Many of America's greatest athletes have stumbled in the transition from dominating on the field to crafting another career off it. Michael Jordan got himself fired in three years because he couldn't take orders or find new talent. Mickey Mantle suffered through idle days that left him craving alcohol and dreaming of taking the field one last time. Bad investments brought Johnny Unitas to the brink of financial ruin.

But Cal Ripken Jr. is different. He planted the seeds of a thriving off-field life long before he quit playing and has nurtured his creation in the six years between his last game and tomorrow's induction into the Hall of Fame.

Those seeds have grown into a multi-dimensional and profitable corporation: Ripken Baseball Inc. owns two minor league teams, including one in Aberdeen, and has annual revenue of about $25 million; Ripken is a marketing force who appears in more commercials than most active players; and he can charge at least $50,000 for speeches to business groups around the country.

"There's no question he's done an exceptional job of extending himself as a brand," said David Carter, executive director of the Sports Business Institute at the University of Southern California. "I think especially in this current environment of sports where everything is so scandal-ridden, this guy who stands for class and real accomplishment will have more and more opportunities.

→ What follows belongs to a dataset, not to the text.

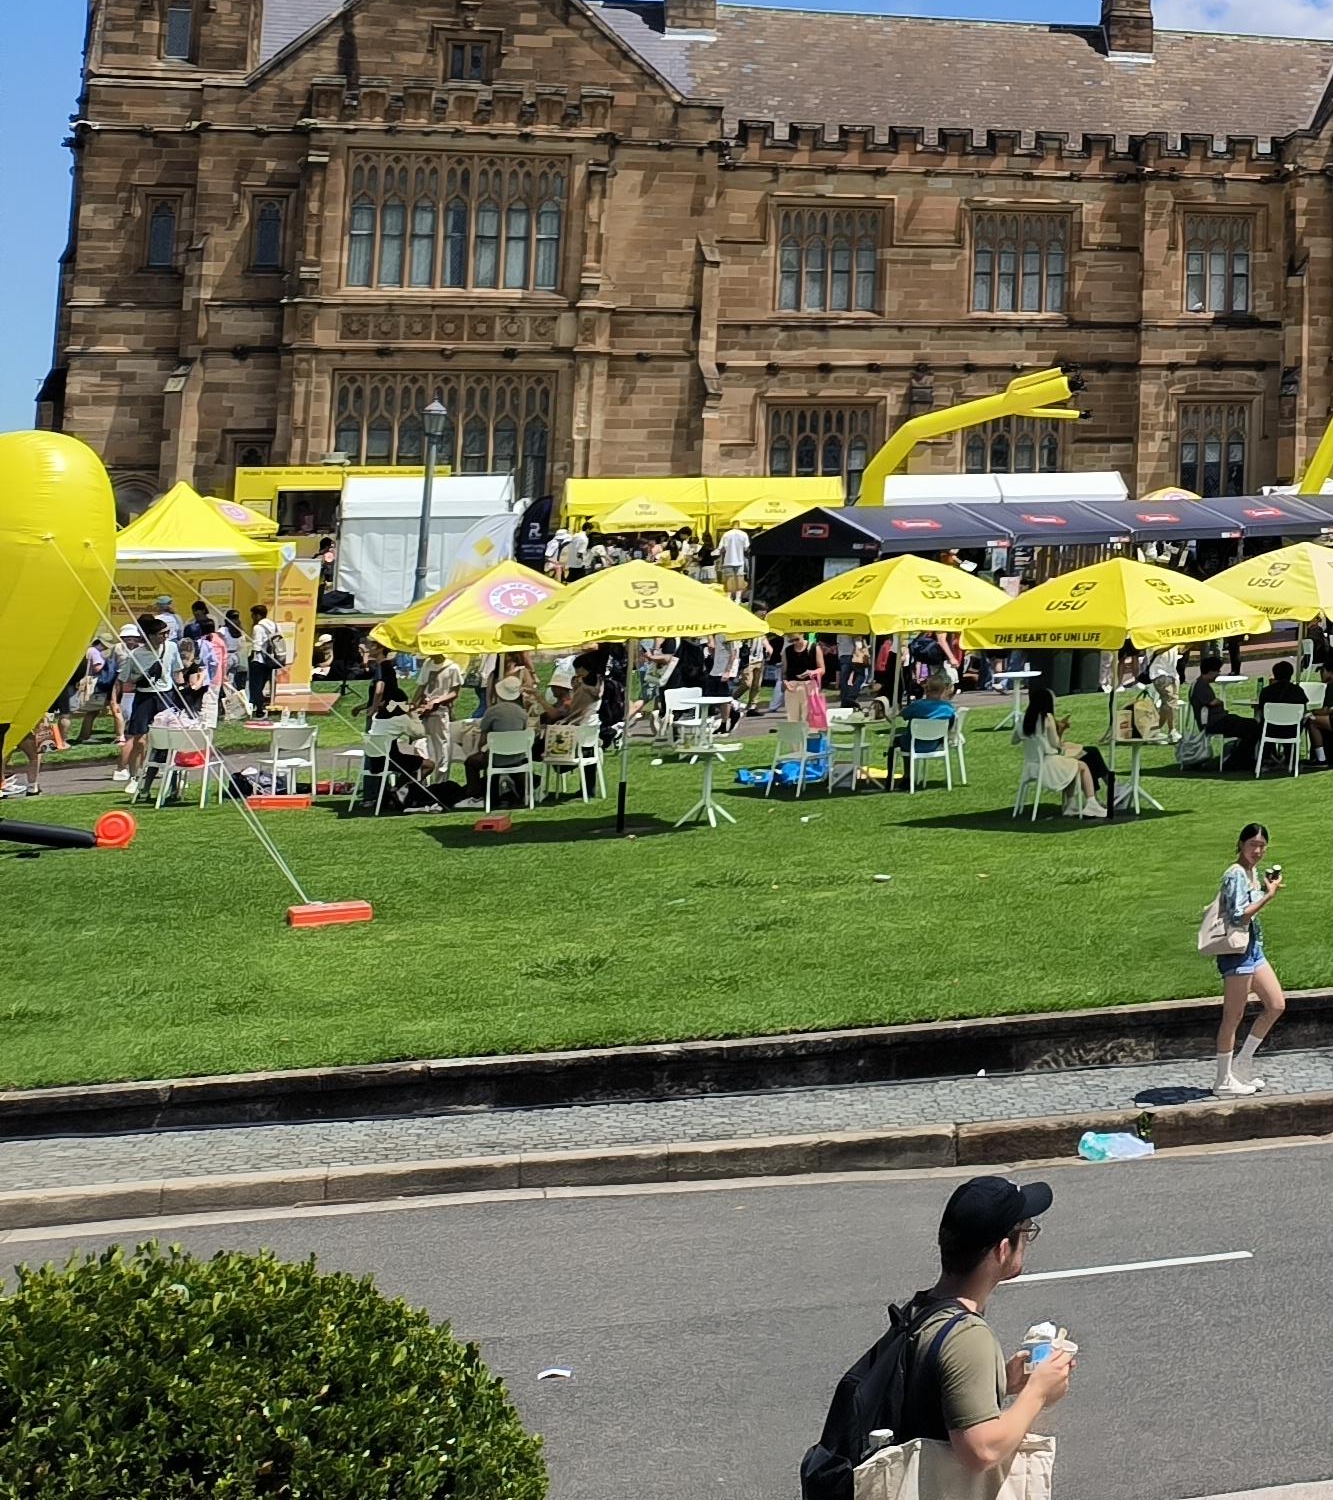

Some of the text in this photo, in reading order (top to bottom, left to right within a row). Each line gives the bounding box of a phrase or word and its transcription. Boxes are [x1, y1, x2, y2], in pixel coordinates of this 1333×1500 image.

He's put himself in extremely rare air."

Shades of Senior
Some of Ripken's ventures - motivational speeches, memorabilia deals, self-help and instructional books and commercials for Comcast, Bank of America and Energizer - are straight out of the ex-athlete playbook.

But, in other ways, he has made the very qualities that distinguished him as a player - an analytical nature and a deep devotion to learning and teaching baseball - into the core principles of a growing business empire different from those of his superstar peers.

"He had a thirst for knowledge outside of baseball unlike any other professional athlete I've seen," said his longtime agent Ron Shapiro, who has counted five Hall of Famers as clients. "I've never seen anyone take control of his post-playing life like Cal has."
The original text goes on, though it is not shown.